Methods: All residents of Saskatchewan, a Canadian province, diagnosed with psychiatric problems and/or dispensed a psychiatric drug in 2000 and without dementia were followed through to 31 December 2006; the development of incident dementia was noted. Median survival time (in months) and selected predictors of mortality were measured. Analyses used Cox's proportional hazard model. Incidence density of dementia for the year 2000 was also computed.

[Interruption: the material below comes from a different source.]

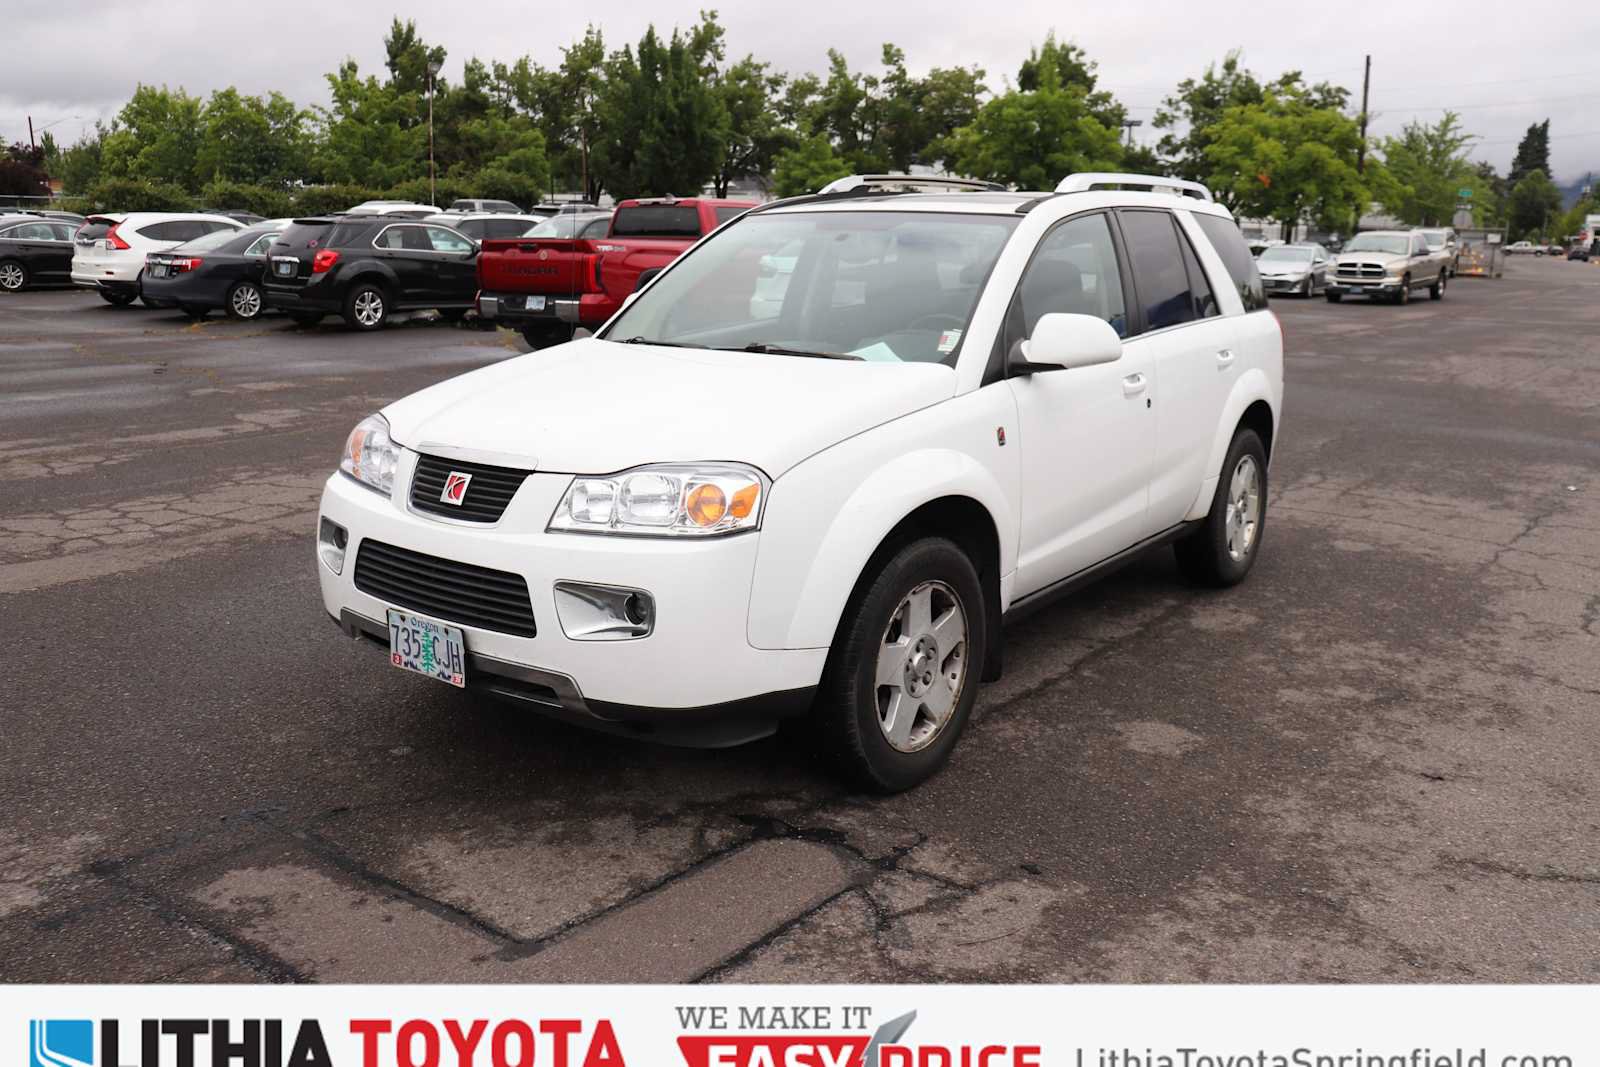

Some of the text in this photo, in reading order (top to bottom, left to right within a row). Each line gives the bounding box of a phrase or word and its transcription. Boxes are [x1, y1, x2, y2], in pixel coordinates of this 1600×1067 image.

[410, 616, 439, 633] Oregon
[391, 623, 462, 674] 735 CJH

Results: By December 2006, 5,583 subjects with psychiatric disorders in 2000 had been diagnosed with incident dementia, and 60.65% of them died. Dementia-incidence density in this population for 2000 was 0.01 per 1000 person years at risk among those aged 18-64 years and rapidly increased to 3.13 per 1000 person years at risk among those aged 75 to 84 years. The median survival time from dementia onset to death was 32.66 months (interquartile range 31.21-34.14). Being male, later age of onset of dementia, having a lower income, and a high chronic disease score predicted shorter survival.
Conclusions: The comorbidity of psychiatric disorders and dementia resulted in shorter survival compared with that reported for patients with dementia only. These findings can be used for prognosis for patients, caregivers, and service providers.